Увидев лицо губернатора, он только кивнул:

– Я так и думал. А теперь одно маленькое замечание. Судья Поль Норрис, скажем так, на грани взрыва. Он так разъярен, – снова та же улыбка, – что моих дипломатических способностей не хватает, чтобы его успокоить.

- Я с ним поговорю, – сказал губернатор.

Судья Поль Норрис, высокий седовласый мужчина командирского типа, бросил на него испепеляющий взгляд.

– Если кто-нибудь немедленно что-нибудь не придумает, – сказал он, – я возьму все в свои руки.

Губернатор понимающе кивнул:

И что вы сделаете, Поль?

– Не знаю.

– Прекрасный ответ, вполне достойный вас.

Норрис медленно ответил:

- Слушайте, Бент, я уже сыт вами по горло. Вы остры на язык. Все это знают. И вы пользуетесь им, чтобы издеваться над всем, что создало величие этой земли. Вы...

- Вы имеете в виду, – сказал губернатор, – унаследованное состояние, положение и то, что когда-то называлось привилегиями. – Он кивнул. – Я видел недавно ваше имя в одном списке. Ваши доходы за прошлый год достигли почти миллиона долларов, но при этом вы совсем не платили налогов.

– Я не нарушал законов. – На лбу Норриса забилась тонкая жилка. – Все было в пределах правил.

– В этом я убежден, только вот человеку, который зарабатывает только десять тысяч в год, тяжело понять, почему он должен платить налог в двадцать процентов.

Бет смотрела, слушала и пыталась понять, чего хочет добиться губернатор, сознательно восстанавливая против себя этого человека, будь он хоть тысячу раз прав.

– Мне плевать на людей, зарабатывающих десять тысяч в год, – ответил Норрис. – Они меня не интересуют.

Бет в душе рассмеялась. "Теперь понимаю, – сказала она себе, – это сознательный уход в сторону от темы, размахивание красной тряпкой, чтобы отвлечь человека от главной проблемы".

– Но и на вас, Поль, наплевать тому нашему гипотетическому человеку, зарабатывающему десять тысяч долларов в год. Он сыт вами по горло и считает, что с вами и вам подобными давно пора кончать.

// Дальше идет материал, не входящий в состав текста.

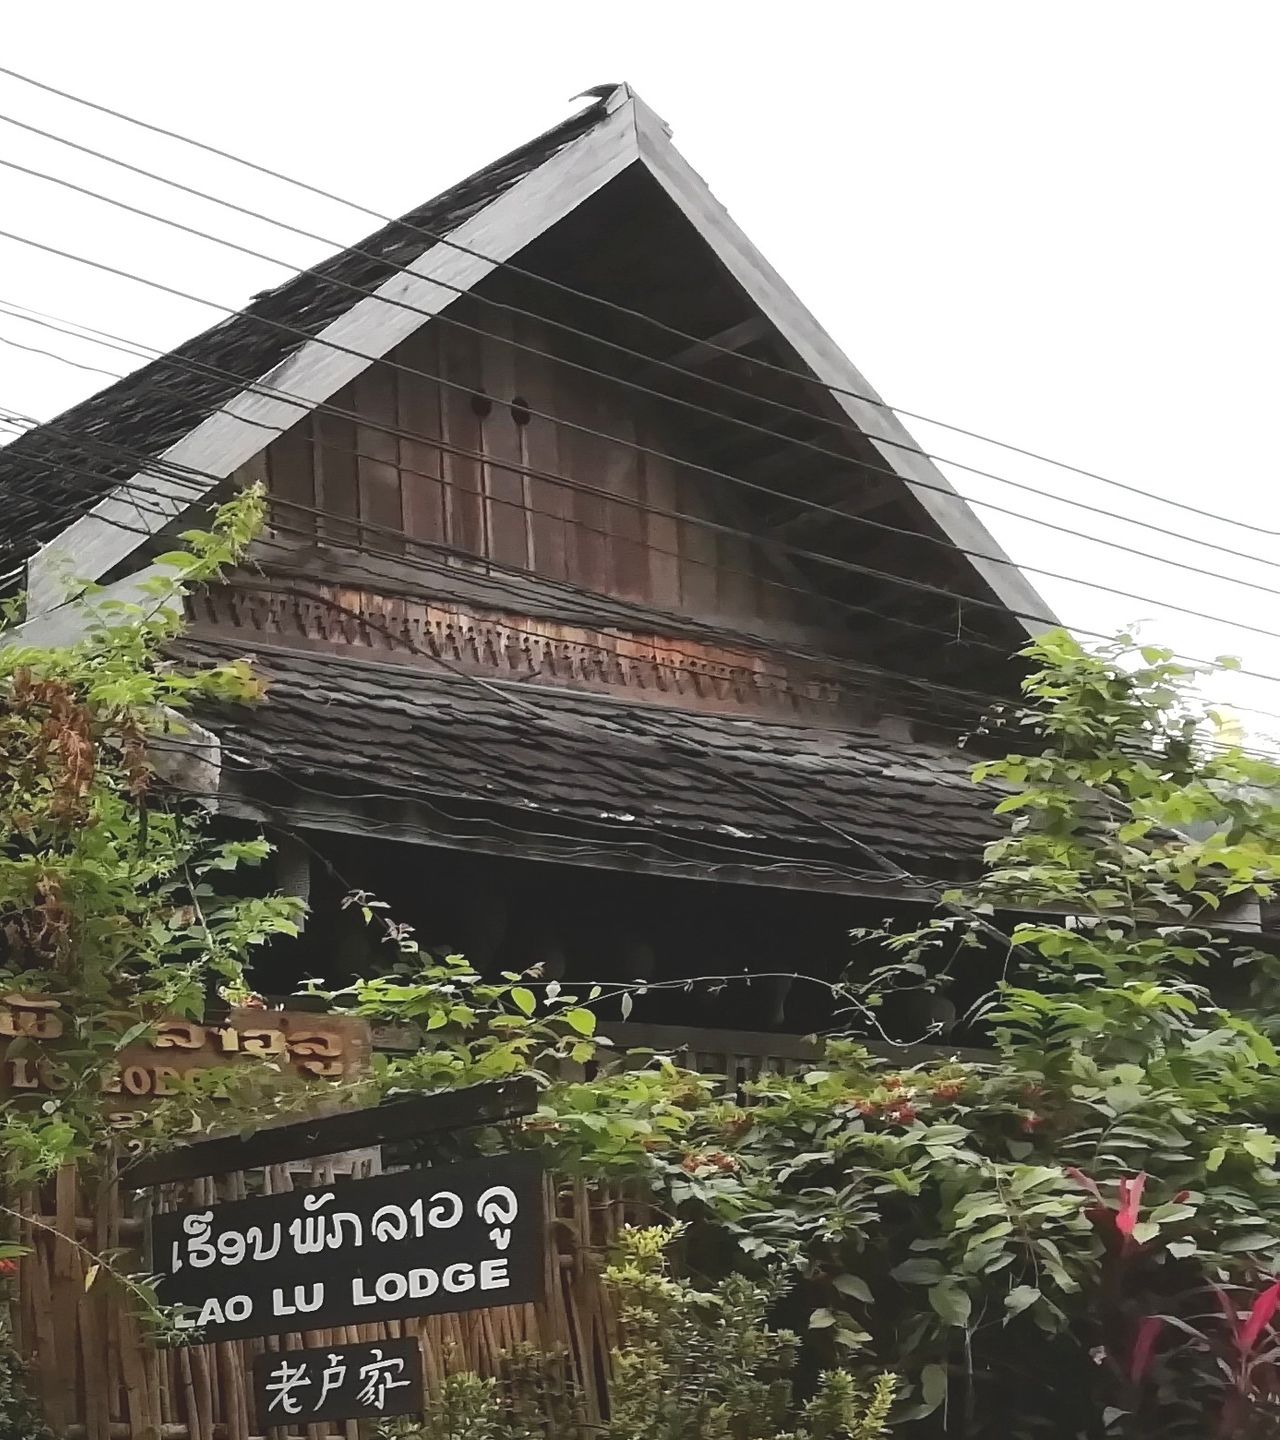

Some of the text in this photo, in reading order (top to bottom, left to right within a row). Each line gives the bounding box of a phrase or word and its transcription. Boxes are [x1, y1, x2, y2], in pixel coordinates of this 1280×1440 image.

[173, 1257, 510, 1329] LAO LU LODGE
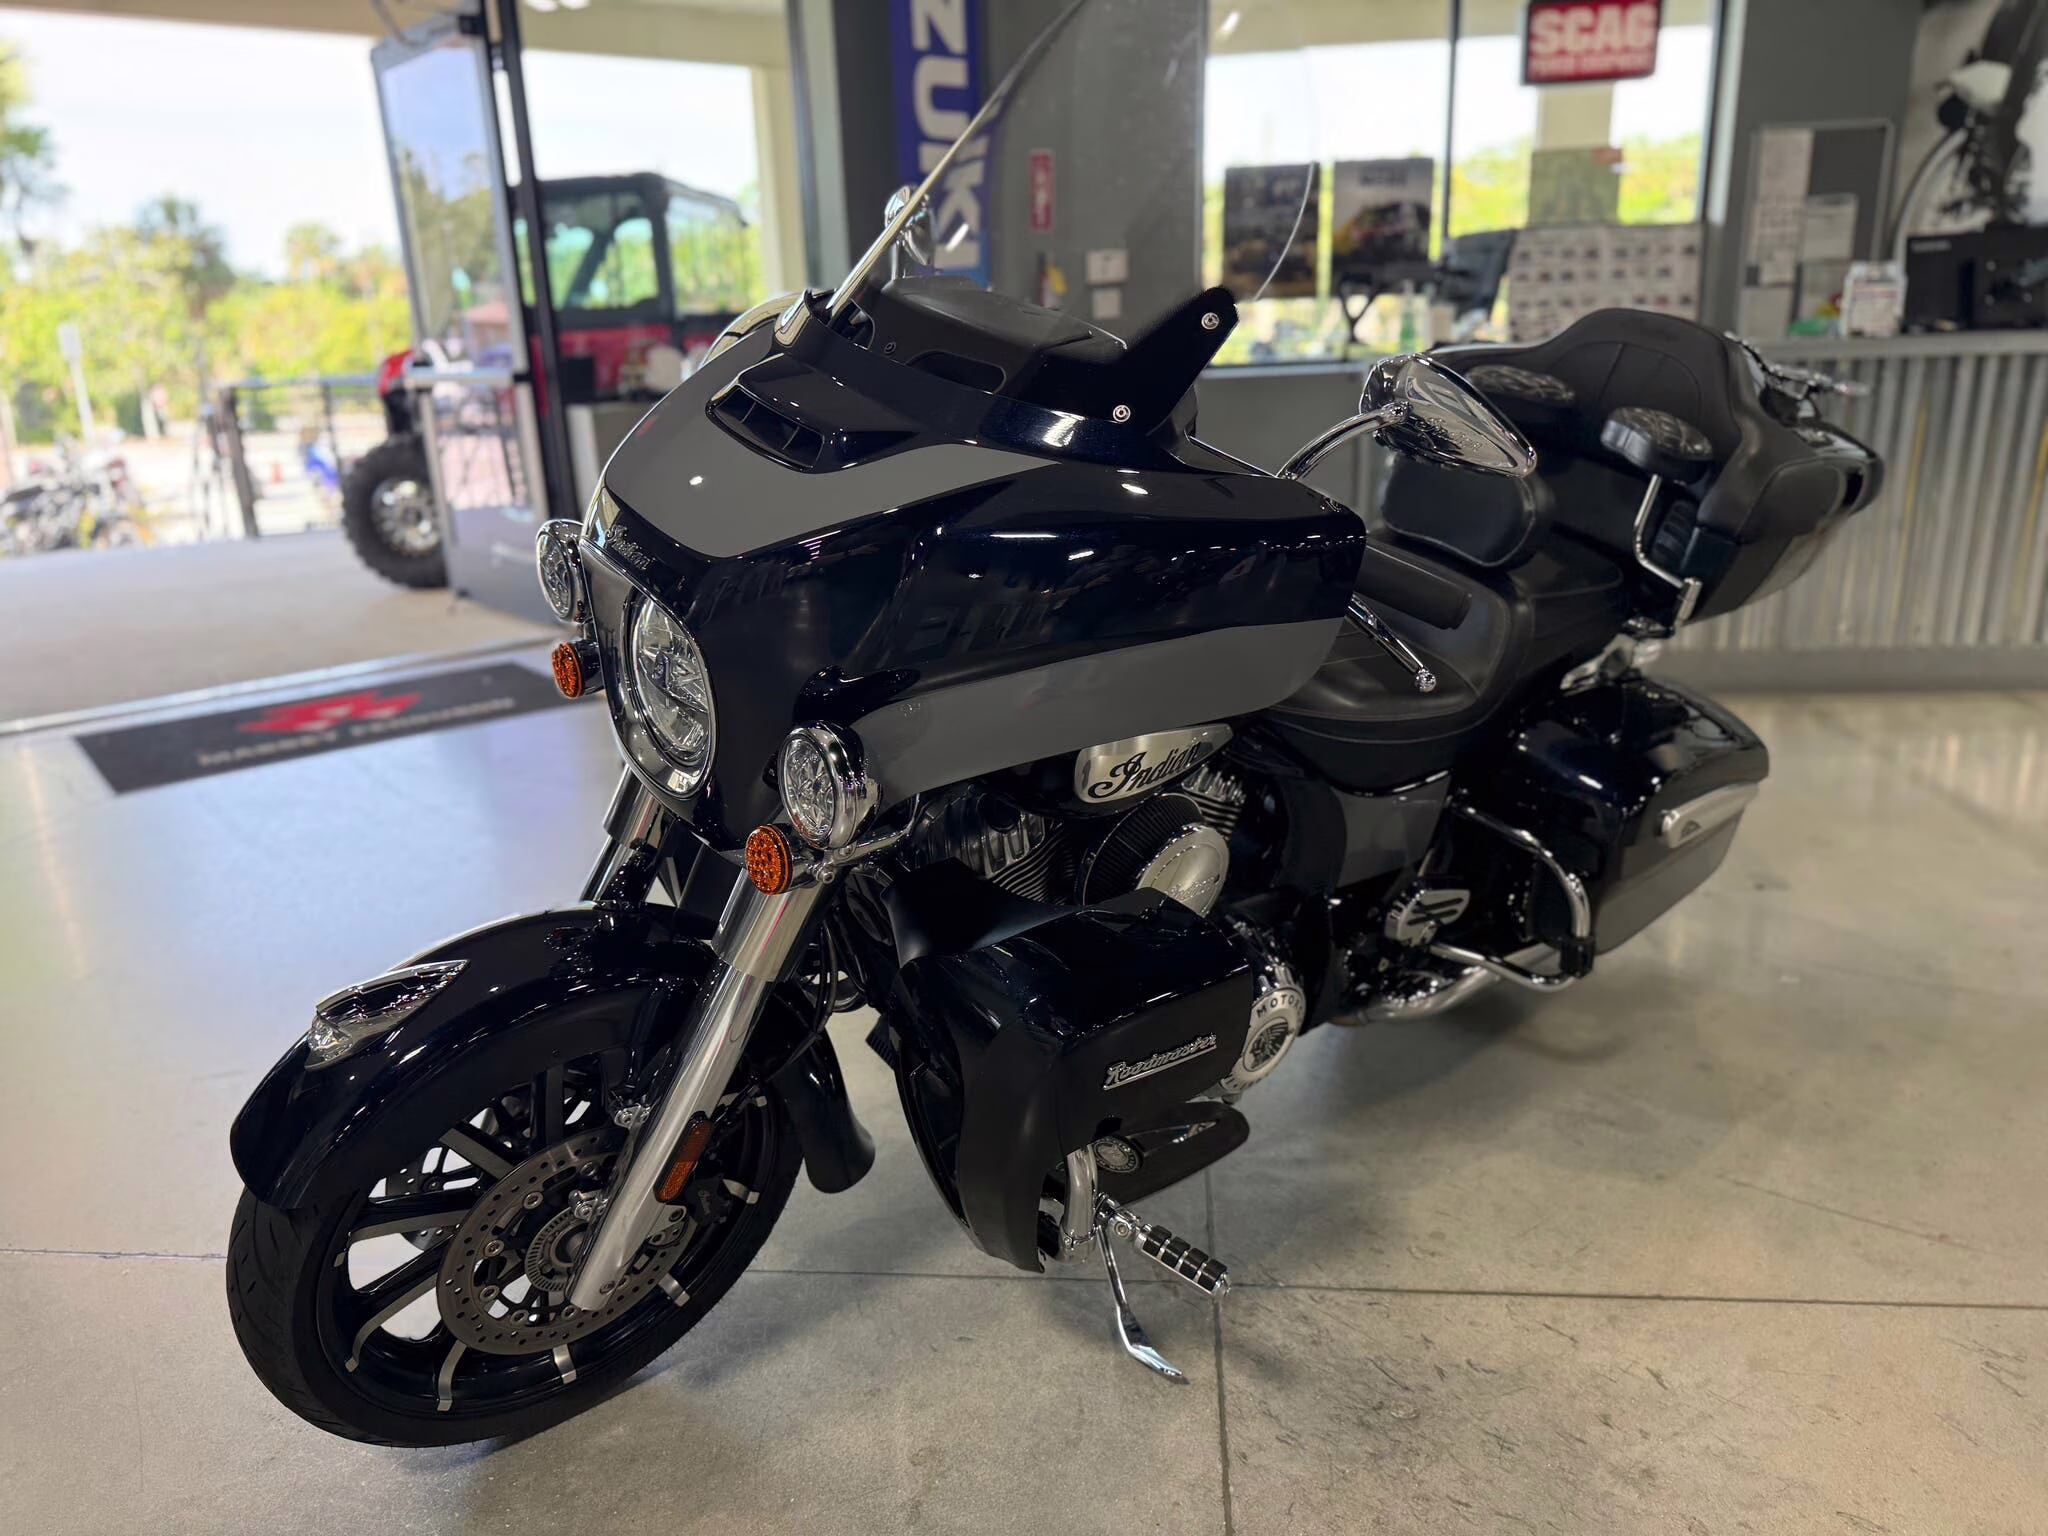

– Вы говорите, как коммунист.

– Это обо мне уже говорили.

– Значит, вы признаетесь?

Губернатор улыбнулся.

– Я думаю, откуда взялось это обвинение. Крайне левые считают меня слишком верной опорой нашего строя, и вместе с мнением, которого придерживаетесь вы и вам подобные, это ставит меня туда, где я и хочу быть: достаточно близко к центру.

Он помолчал.

– Попробуйте задуматься над всем тем, что я вам сказал. – И потом, внезапно ставшим холодным голосом добавил: – Но пусть вам не взбредет в голову затеять в этом зале какой-нибудь переполох, или я прикажу связать вас как рождественского гуся и заткнуть вам рот бананом. Вы поняли?

Норрис засопел. Жилка у него на лбу набухла еще сильнее:

– Вы не посмеете!

Губернатор ощерил зубы:

– Не пытайтесь это проверить, Поль. Я блефую только в покере.

И они с Бет отошли прочь.

Официант с напитками на подносе заступил им дорогу.

– Спасибо, парень, – сказал губернатор, подал бокал Бет и взял себе.

– Как идут дела, господин губернатор? – спросил официант полушепотом. – Знаете, говорят, что нам отсюда не выбраться. Никогда. Говорят, что с пожаром не могут справиться. Говорят...

– Всегда что-нибудь да говорят, – ответил губернатор, – и всегда кто-нибудь заявляет, что все кончено.

– Ну да. Я знаю, в войну я служил на флоте. Только, господин губернатор, у меня жена и трое детей, что будет с ними? Скажите мне, что будет с ними?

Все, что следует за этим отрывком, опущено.